General wildlife habitat advice:
Planting Native Grasses and Forbs
Although known to be especially beneficial to species of song birds and game birds, many of Iowa's birds, mammals, reptiles and insects require grasslands at some point in their life cycle. In general, wildlife prefers open grasslands with a high concentration of forbs, especially legumes. Forbs and legumes produce seeds and high protein forage providing a food source. These open grasslands provide loafing, foraging, dusting and brood rearing cover. Dense grass stands can provide escape cover from predators. Rather than being flattened by snow cover, warm season grasses tend to bow over (forming tunnels) and return to an erect stature with snow melt. Two-thirds of a native prairie plants' biomass is located in its root system. This extensive network, sometimes more than 12 feet long, provides excellent soil stability, organic matter/nutrient build-up, and mineral translocation.
A high-diversity seed mix will most closely replicate historical vegetation and provide needed diversity for wildlife habitat. A seed mix should include a variety of grasses, sedges, legumes, and forbs (wildflowers). A diverse planting will provide a variety of food and cover, attracting a large number of different wildlife species. Species selected should only be those that were historically found in the area. Use caution not to include cultivar (flower garden) varieties of native prairie species. Avoid using seed nurseries "prairie-in-a-can" standard mixes which can contain species or hybrids that were not historically native to this area.
Iowa DNR Prairie Seeding Guidelines
Establishing Native Plants
The Northern Bobwhite (Colinus virginianus) commonly referred to as a Bobwhite Quail is a species that was once very plentiful in the southern half of Iowa. Unfortunately, populations of the species have seen a dramatic decrease in Iowa and across its entire range in the United States since the 1960's. The reason for this decline is mainly a result of land use changes over that same time period. Agricultural fields have gotten increasingly larger, plum and hedge filled fence rows have become scarce, and the weedy crop fields of the past have been replaced by weed free fields that are sprayed with herbicide annually. On the other hand this does not mean that southern Iowa landowners cannot have quail on their land if they perform the proper management. By providing the proper amount of habitat, landowners can have quail on their land and if they control enough acres or work with their neighbors in a large area quail populations could be significant. This habitat management should be centered on providing early successional weedy cover along with shrubby cover that is adjacent to cropland. Contact your local DNR private lands program representative to schedule a free one on one site visit and develop a quail management plan today!
University of Missouri Extension, Conservation Publications
Nesting Structures/Bird Houses
For thousands of years, waterfowl, songbirds, raptors and all other wildlife species survived and reproduced in the natural habitats of North America without human assistance. However, with the arrival of the first European settlers, those natural habitats began to change. Millions of acres of wetlands, prairie, and forest were altered for human use, leaving wildlife to survive on a small fraction of the habitat that once supported their ancestors in sky-darkening numbers.
To help wildlife populations maintain themselves under these altered conditions, wildlife biologists have developed various techniques to improve habitat and increase nest success. The use of artificial nest structures for the production of some waterfowl, songbird, and raptor species is one of these techniques.

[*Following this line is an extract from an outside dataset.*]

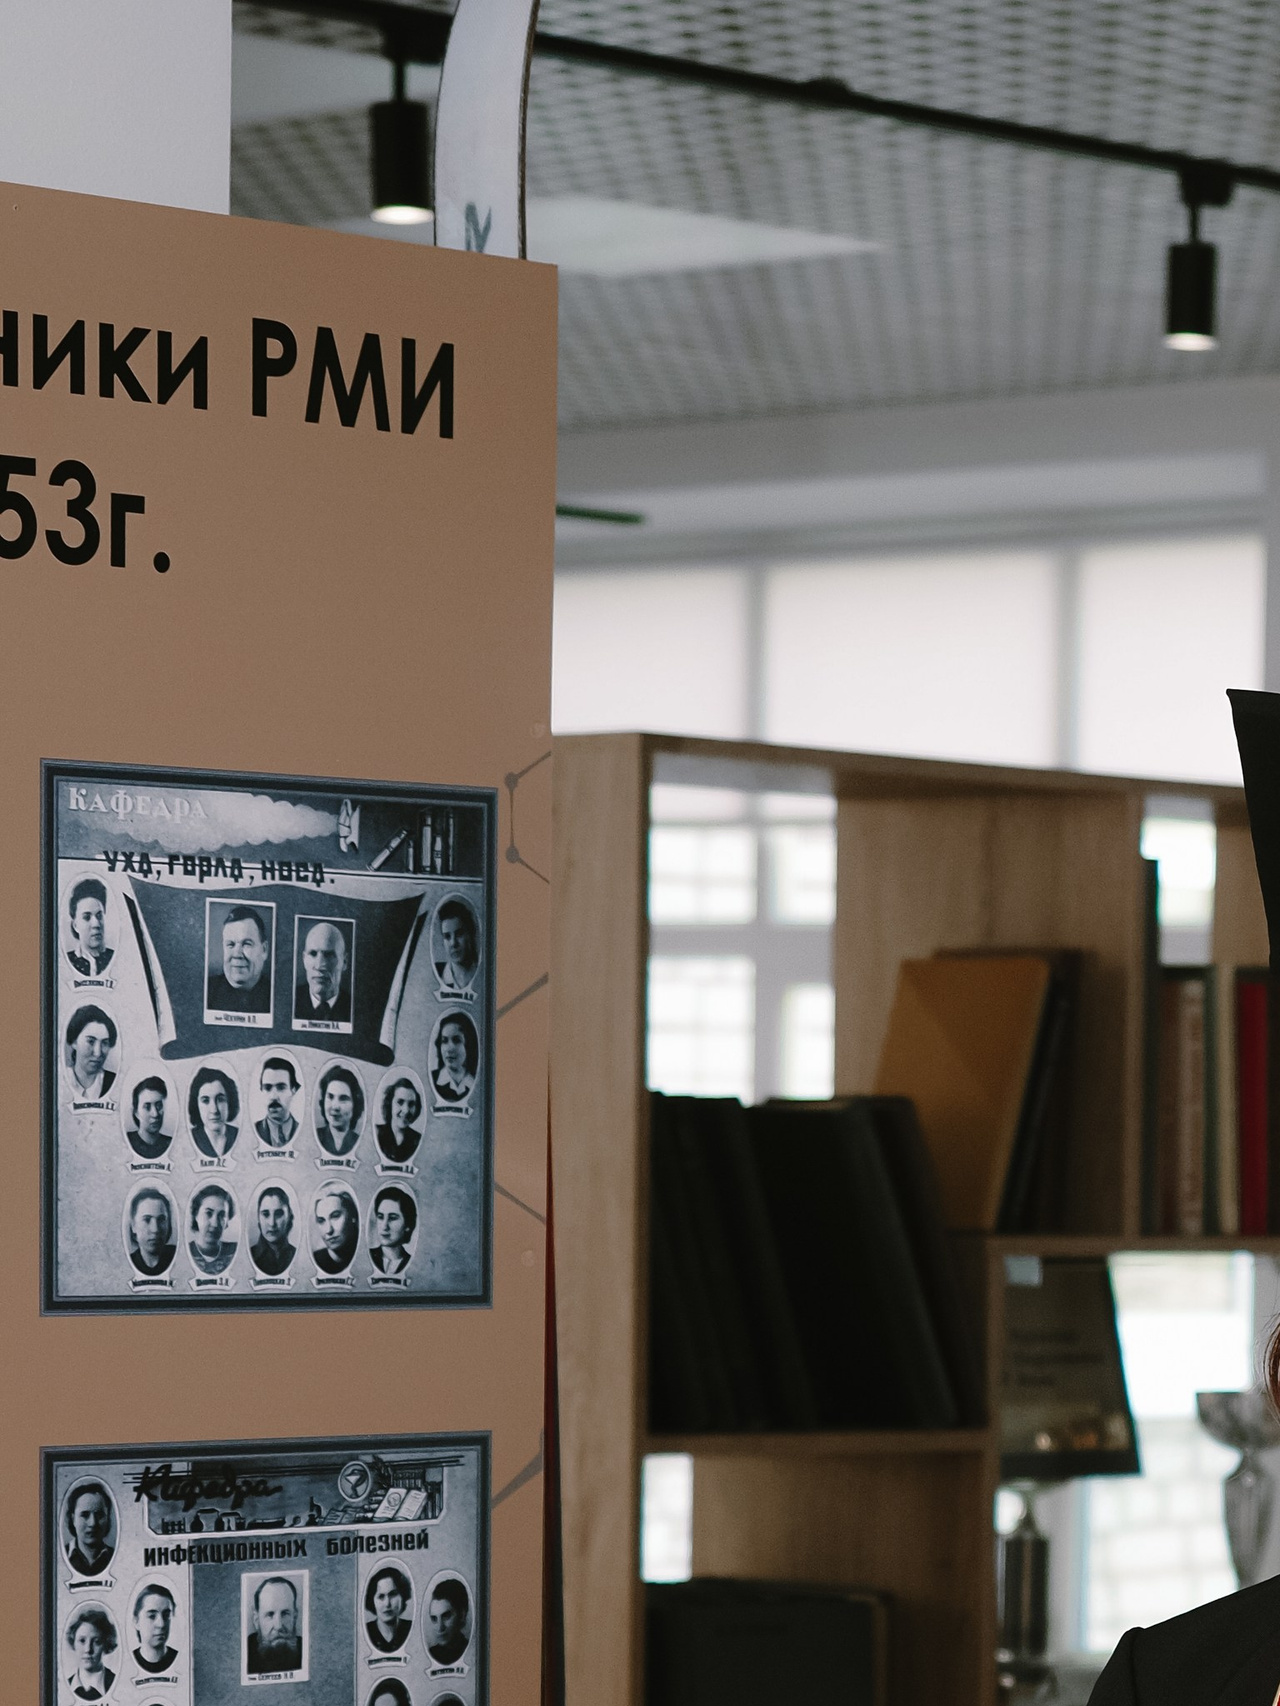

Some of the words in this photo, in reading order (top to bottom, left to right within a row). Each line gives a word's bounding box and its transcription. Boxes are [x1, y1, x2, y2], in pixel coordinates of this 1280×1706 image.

[251, 317, 455, 439] РМИ
[68, 787, 208, 824] КАФЕДРА
[143, 1538, 308, 1567] ИНФЕКЦИОННЫХ

It is important to realize that nest structures will not solve all the problems facing wildlife today. Nest structures only improve nest success for the few species that use them. The real problem facing our wildlife populations is the continued loss of their natural wetland, grassland, and woodland habitats. This trend will only be reversed by sound land stewardship practices that address wildlife habitat requirements as well as human needs.